───── Records shown ─────

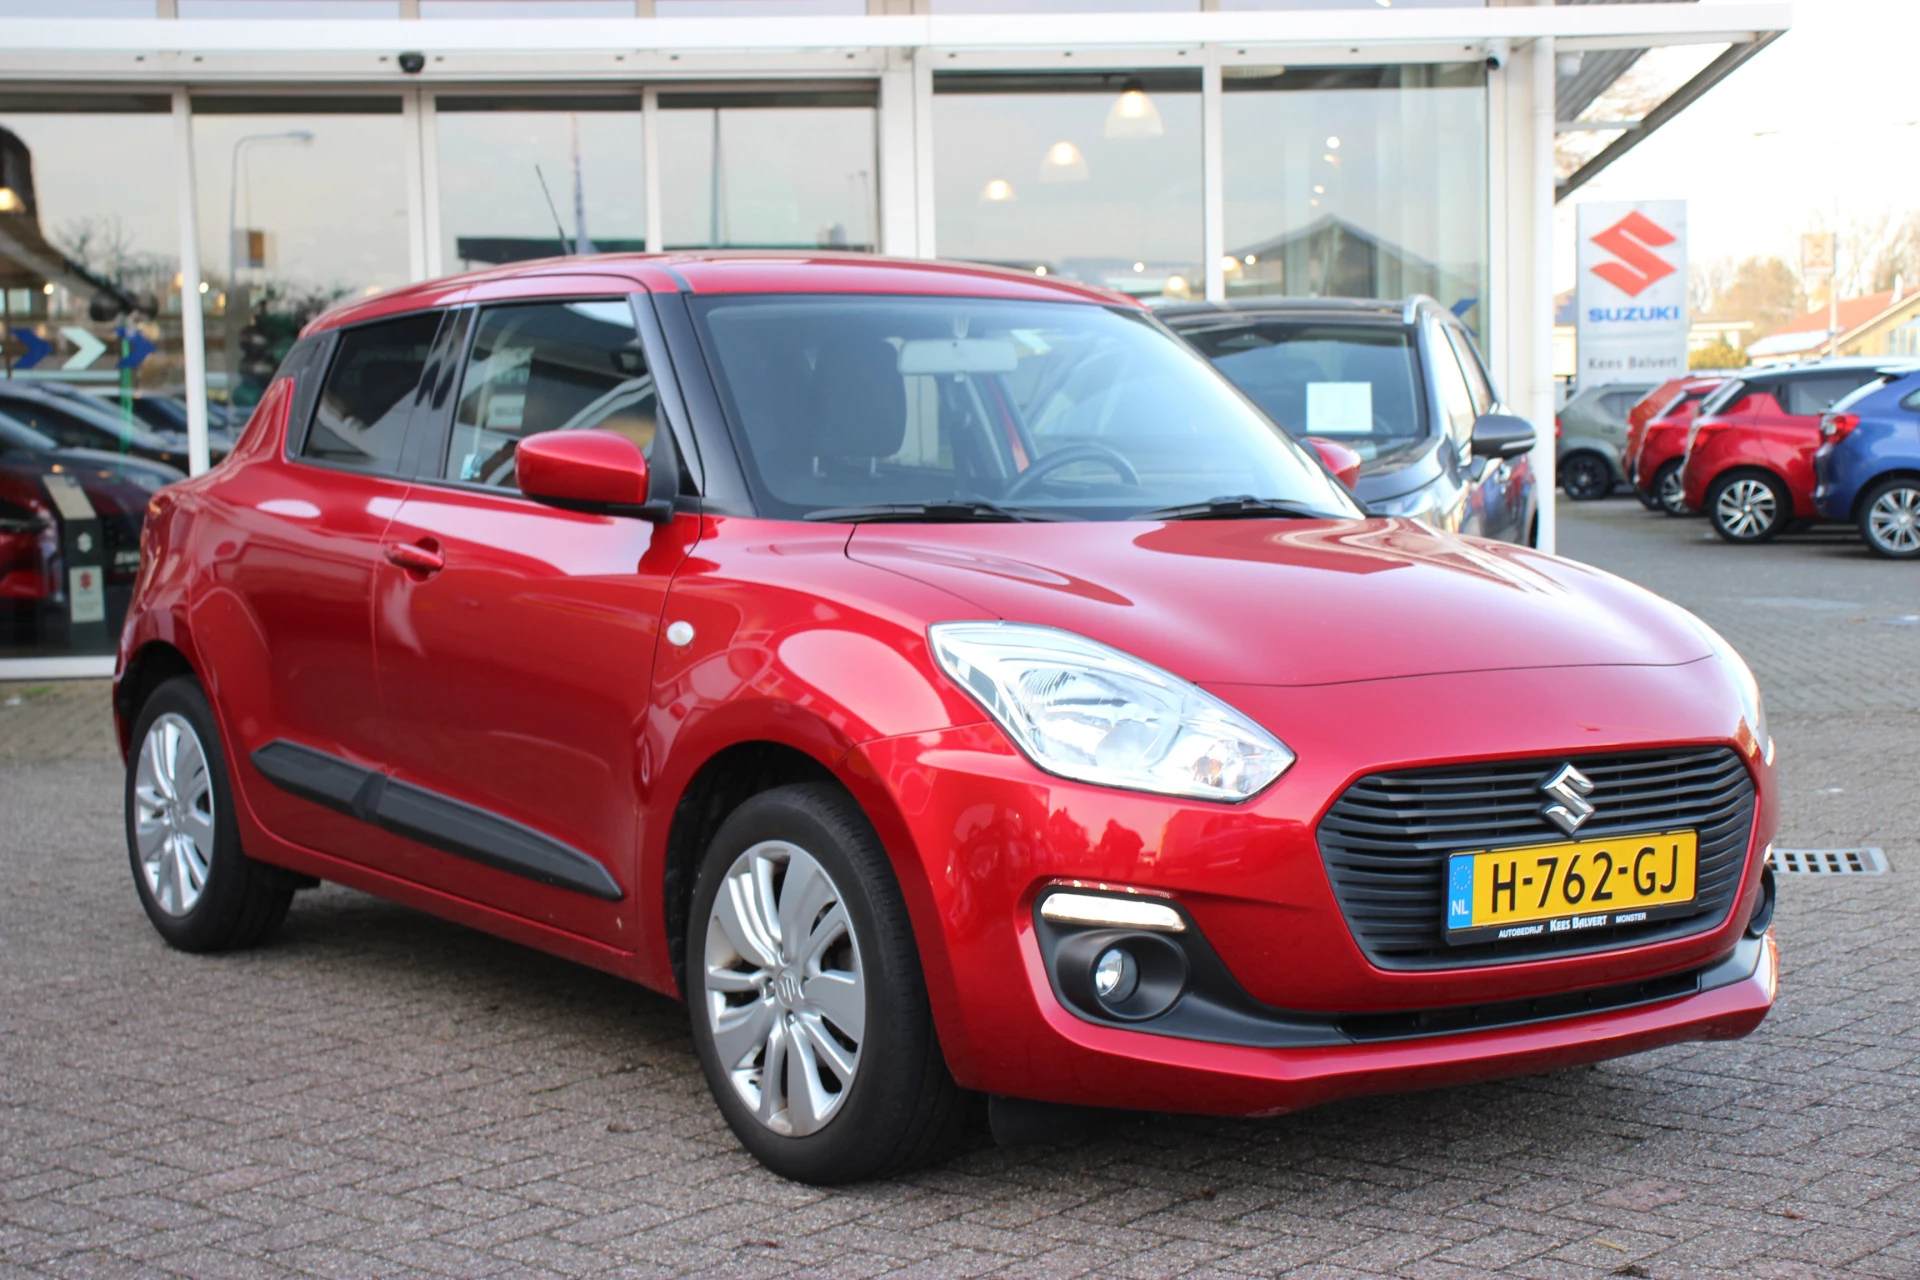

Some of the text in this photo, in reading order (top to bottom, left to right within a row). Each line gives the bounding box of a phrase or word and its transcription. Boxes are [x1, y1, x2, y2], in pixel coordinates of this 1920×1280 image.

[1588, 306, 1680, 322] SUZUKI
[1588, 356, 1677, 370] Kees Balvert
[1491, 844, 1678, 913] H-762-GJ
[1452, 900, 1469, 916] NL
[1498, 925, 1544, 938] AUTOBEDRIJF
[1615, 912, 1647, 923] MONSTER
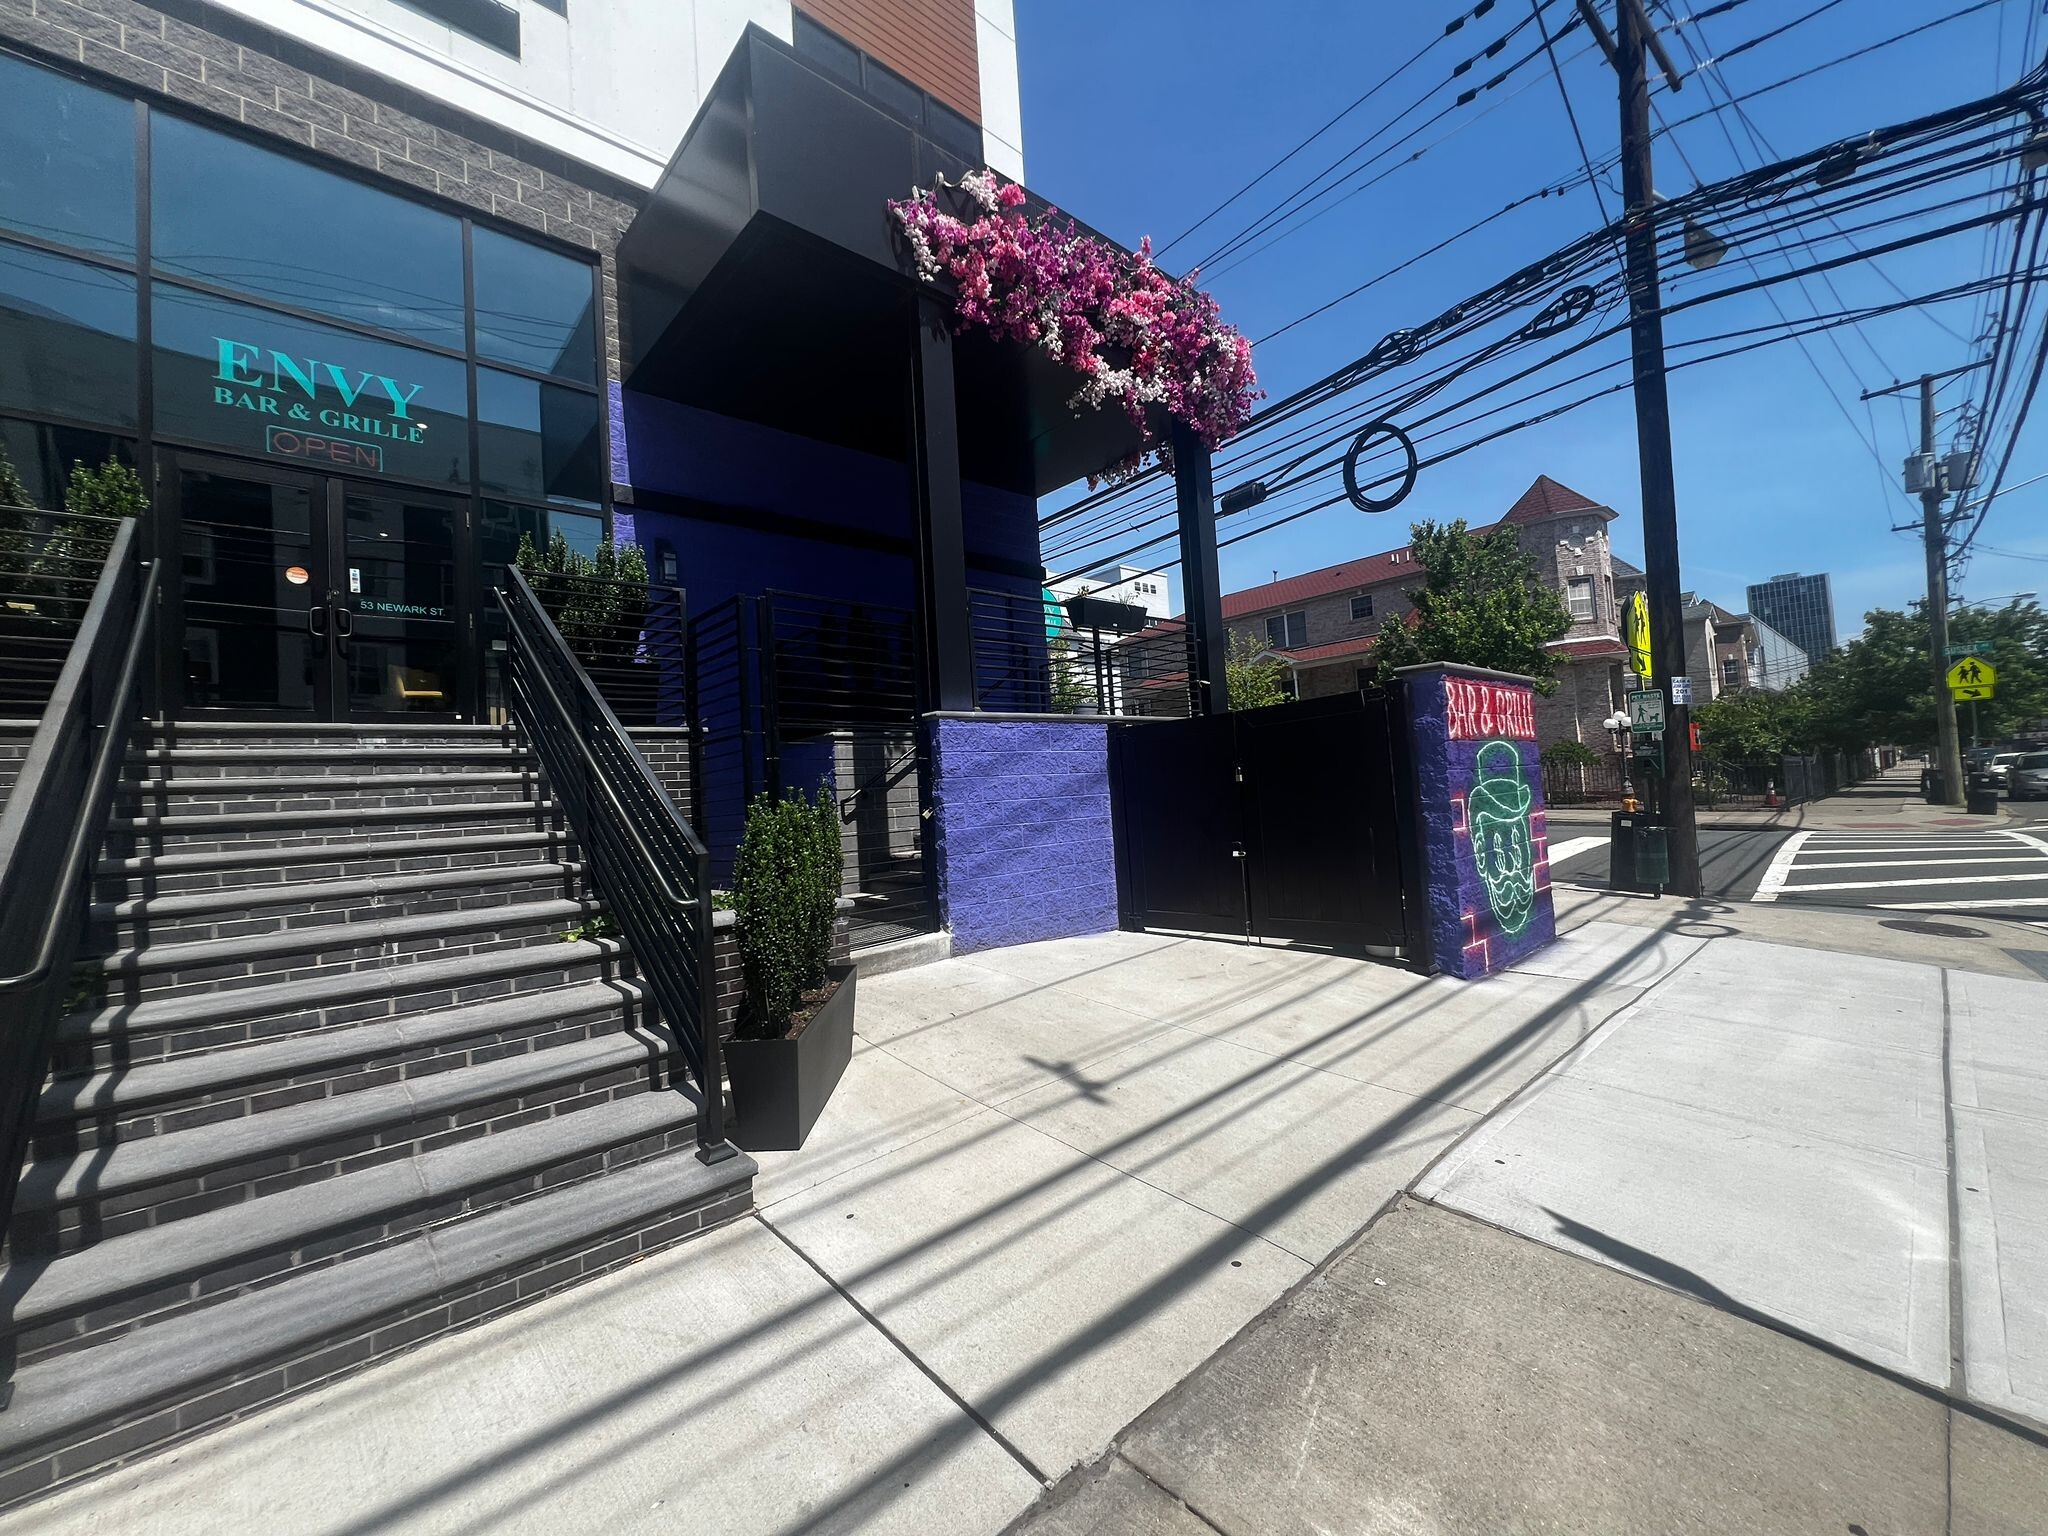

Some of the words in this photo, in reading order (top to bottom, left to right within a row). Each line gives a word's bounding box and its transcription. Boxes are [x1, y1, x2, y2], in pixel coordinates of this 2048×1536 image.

─────

◆ Brief ◆
Every entry above should be duplicated exactly. Do not include the images.

◆ Your response ◆
Some of the text in this photo, in reading order (top to bottom, left to right within a row). Each line gives the bounding box of a phrase or word and its transcription. Boxes are [x1, y1, x2, y2], in pixel coordinates of this 1920×1280 image.

[1588, 306, 1680, 322] SUZUKI
[1588, 356, 1677, 370] Kees Balvert
[1491, 844, 1678, 913] H-762-GJ
[1452, 900, 1469, 916] NL
[1498, 925, 1544, 938] AUTOBEDRIJF
[1615, 912, 1647, 923] MONSTER

Some of the words in this photo, in reading order (top to bottom, left to right within a row). Each line gives a word's bounding box and its transcription. Boxes are [x1, y1, x2, y2], in pixel coordinates of this 2048×1536 image.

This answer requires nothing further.